Antimicrobial effects of nanofiber poly(caprolactone) tissue scaffolds releasing rifampicin

Abstract

This study quantified the antibiotic release kinetics and subsequent bactericidal efficacy of rifampicin (RIF) against Gram-positive and Gram-negative bacteria under in vitro static conditions. Antibiotic-loaded scaffolds were fabricated by electrospinning poly(caprolactone) (PCL) with 10% or 20% (w/w) RIF. Scaffold fiber diameter and RIF loading were characterized, and RIF release kinetics were measured. RIF-releasing and RIF-free scaffolds were inoculated with Pseudomonas aeruginosa and Staphylococcus epidermidis, and the suspended concentration live and dead bacteria were determined by fluorescent microscopy.

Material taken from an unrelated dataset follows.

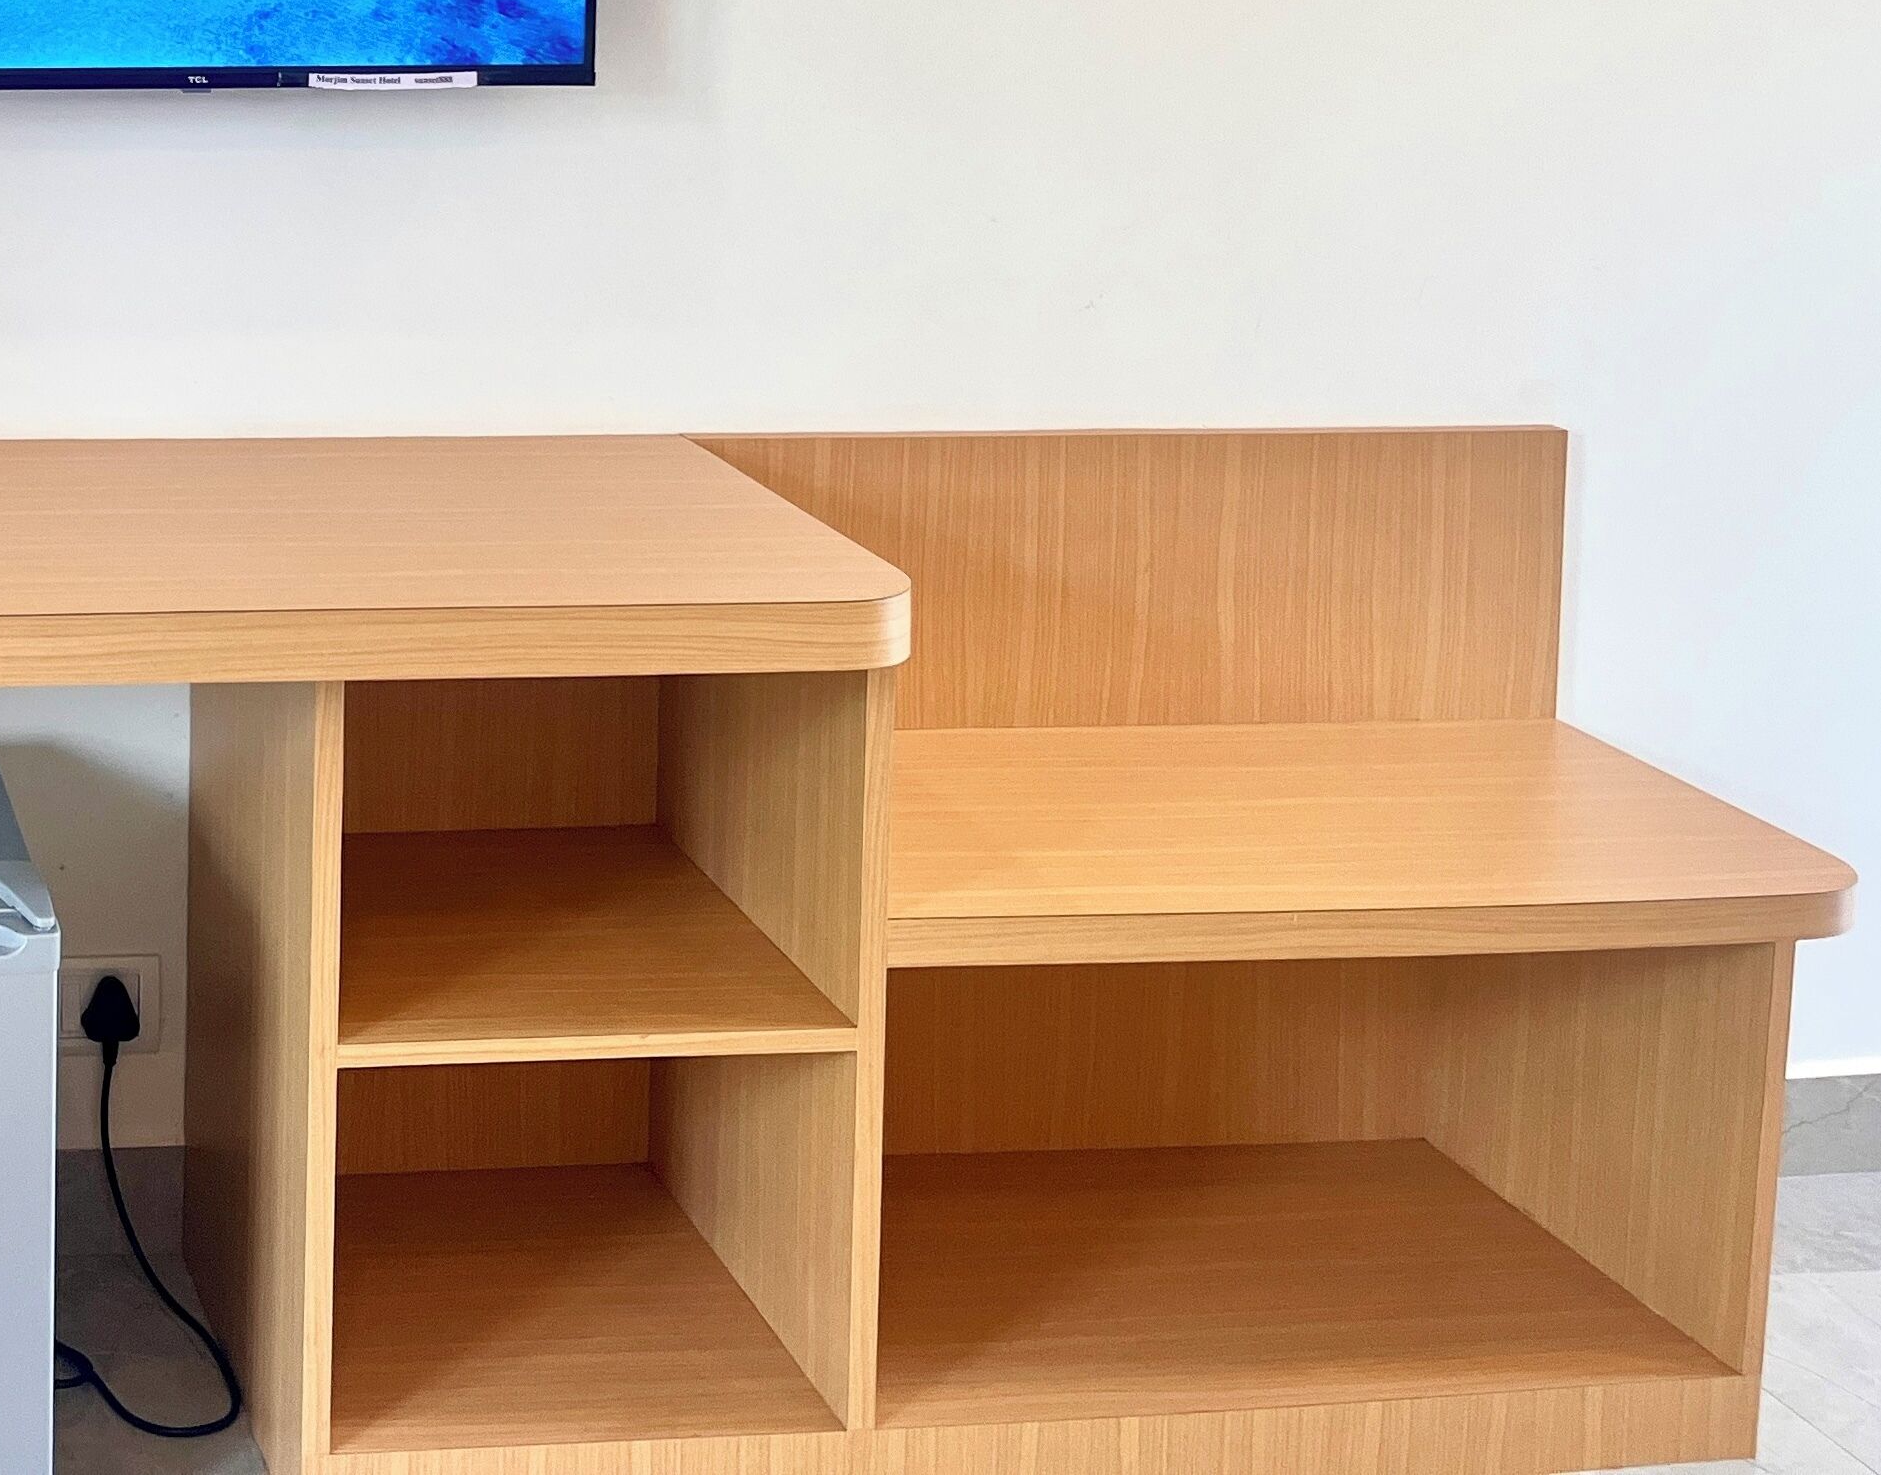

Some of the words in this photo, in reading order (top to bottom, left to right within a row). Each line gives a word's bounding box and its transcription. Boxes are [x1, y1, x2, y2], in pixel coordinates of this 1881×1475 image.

Adherent bacteria and biofilm formation were examined using scanning electron microscopy. Mean fiber diameters were 557 ± 399 nm for RIF-free, 402 ± 225 nm for 10% RIF, and 665 ± 402 nm for 20% RIF scaffolds. RIF release kinetics exhibited a short-burst release during the first hour, followed by a 7 h, zero-order release during which both RIF scaffolds released ~50% of their initial RIF mass loading. P. aeruginosa and S. epidermidis suspended cell populations proliferated in accordance with logarithmic growth models when exposed to control scaffolds; however both RIF-containing scaffolds completely inhibited bacterial growth in suspension and, subsequently, prevented biofilm formation within the scaffolds through the first 6 h.